La nouvelle autorité centrale exige le serment à la Constitution helvétique unique. Les Nidwaldiens population particulièrement ancrée dans leurs traditions libérales, la refusent et la rejettent. Les tentatives de médiation échouent et les ultimatums consécutifs ne trouvent même pas de réponse. C’est dans ce contexte que se réalise l’invasion militaire. Le 9 septembre 1798, les unités françaises sous le commandement du général Schauenburg conquièrent et occupent le petit Etat libre – malgré une résistance certes héroïque, mais finalement épuisante et sans espoir.
    1600 Nidwaldiens se battent contre une force étrangère de 17 700 soldats professionnels. Dans ces combats acharnés, environ 100 Français et autant de Nidwaldiens perdent la vie. Trois cents femmes, hommes et enfants meurent dans les actes de vengeance perpétrés par l’armée d’occupation. Plus de 330 maisons et près de 200 étables sont incendiées; près de dix églises et chapelles détruites.3 Un horizon de ruines noires se dresse dans le ciel rougeâtre! La région est «en grande partie brûlée et dévastée» rapporte Schauenburg dont les mots sobres cachent mal une réalité de souffrances inouïes suite à l’expédition punitive!

Seul un peuple instruit peut participer aux décisions 

La détresse se manifestant partout et touche les enfants, mais pas uniquement. Un grand nombre de la population habite des cabanes misérables «qui ne les protègent que péniblement des vents et des intempéries». En janvier 1799, un fonctionnaire du gouvernement décrit: «La misère [de la population] est indescriptiblement grande et augmente de jour en jour.» Il ajoute que le froid et le gel ont détruit leurs rares réserves de pommes de terre. Dans l’urgence, les gens mangeaient désormais des tubercules pourries ce qui les rendait malades.4
    Dans le cadre de la reconstruction urgente, le gouvernement helvétique prévoit une maison d’éducation ouverte aux enfants issus de familles pauvres à partir de six ans pour Stans, centre du Nidwald. La restructuration du système éducatif fait partie des objectifs centraux du nouvel Etat. La construction et l’extension des écoles prennent une place centrale, suivant la devise: seul un peuple éduqué peut concrétiser la nouvelle République et participer démocratiquement aux décisions. 

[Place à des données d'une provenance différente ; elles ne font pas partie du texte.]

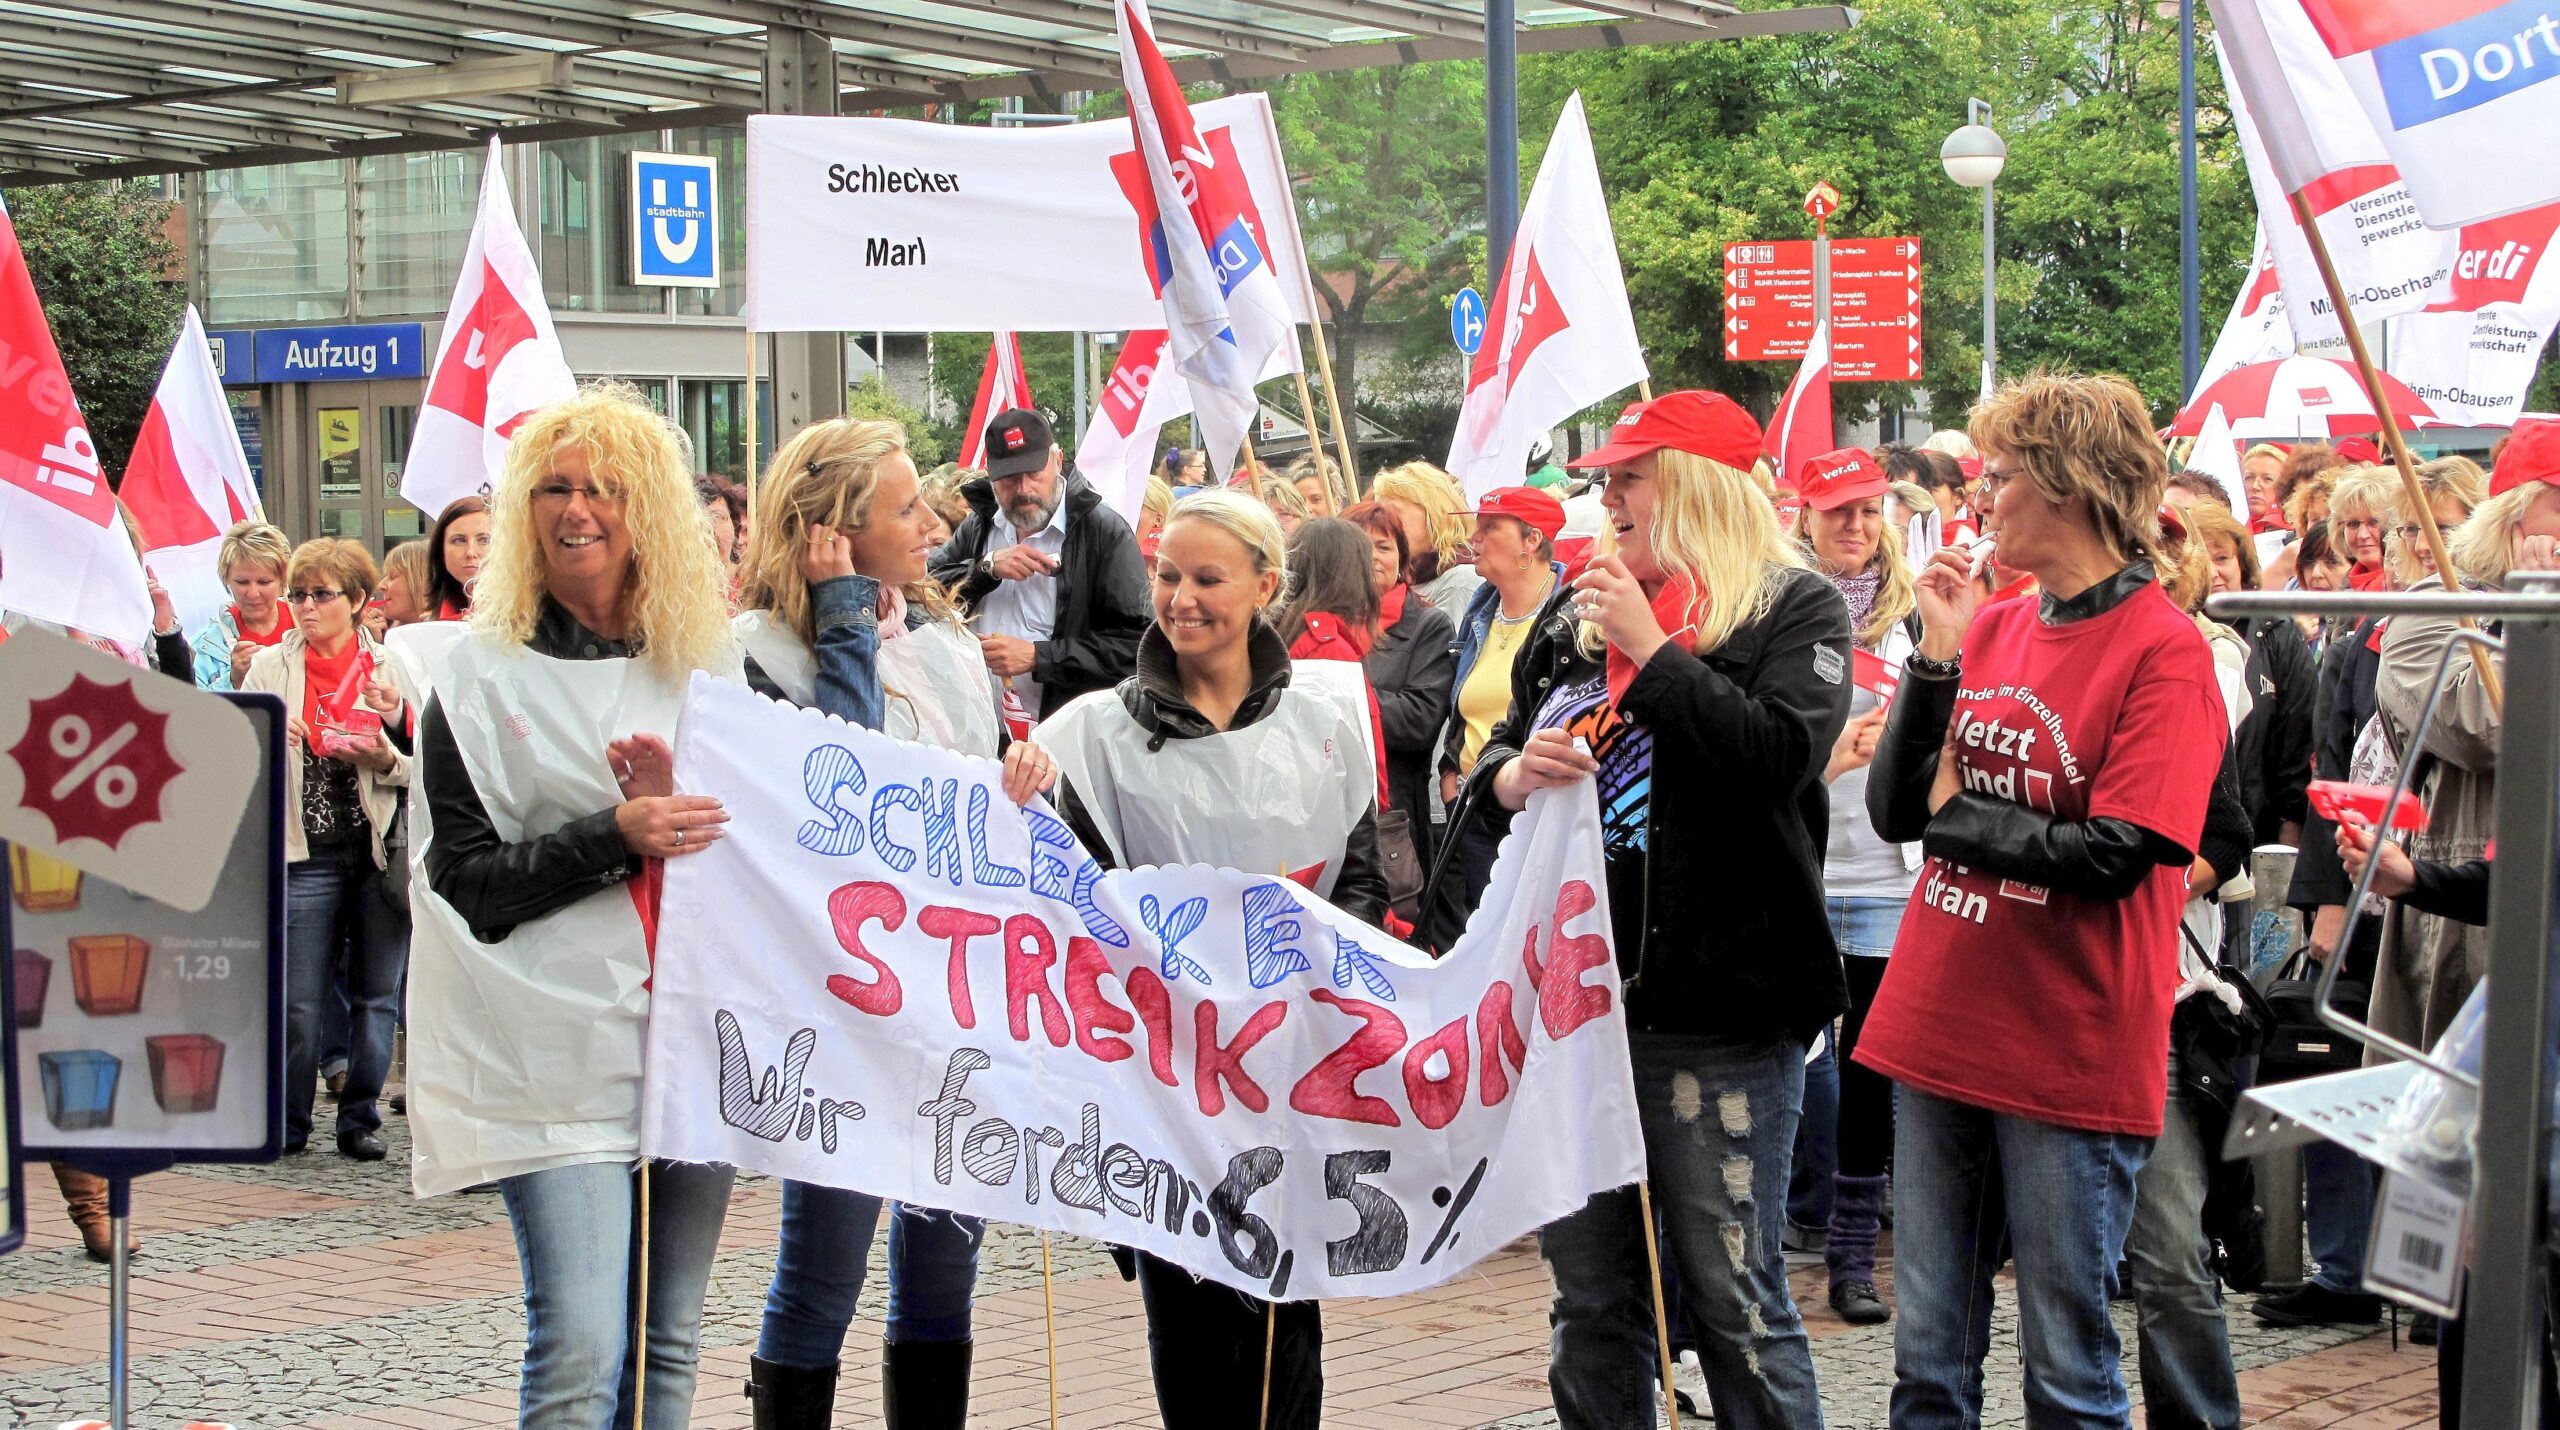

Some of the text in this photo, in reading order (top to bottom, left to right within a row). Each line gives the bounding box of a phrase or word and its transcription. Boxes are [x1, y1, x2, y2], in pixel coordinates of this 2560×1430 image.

Un confiant «Je m’y rendrais volontiers» 

La tâche est extrêmement difficile. On cherche un catholique, sans succès. Le choix se porte donc sur Johann Heinrich Pestalozzi, protestant et sympathisant de la République helvétique. Est-il conscient des écueils? «Je m’y rendrais volontiers», affirme-t-il avec confiance. Le 7 décembre 1798, il s’installe au couvent des religieuses qui héberge l’institut. Mais il se trouve en plein chantier; de plus, le bâtiment mis à disposition «n’est pas du tout aménagé en tant qu’orphelinat [devant accueillir] un nombre considérable d’enfants».
    A la mi-janvier 1799, l’orphelinat ouvre officiellement ses portes – avec 45 enfants. Les débris et la saleté sont toujours là. «La poussière des murs remplissait tous les couloirs», écrit Pestalozzi. Cela «s’ajoutait aux inconforts du début». Et il ajoute: «Au début, j’ai dû renvoyer une partie des pauvres enfants chez eux pour la nuit, en raison de notre pénurie de lits. Le matin ils revenaient couverts de vermine.»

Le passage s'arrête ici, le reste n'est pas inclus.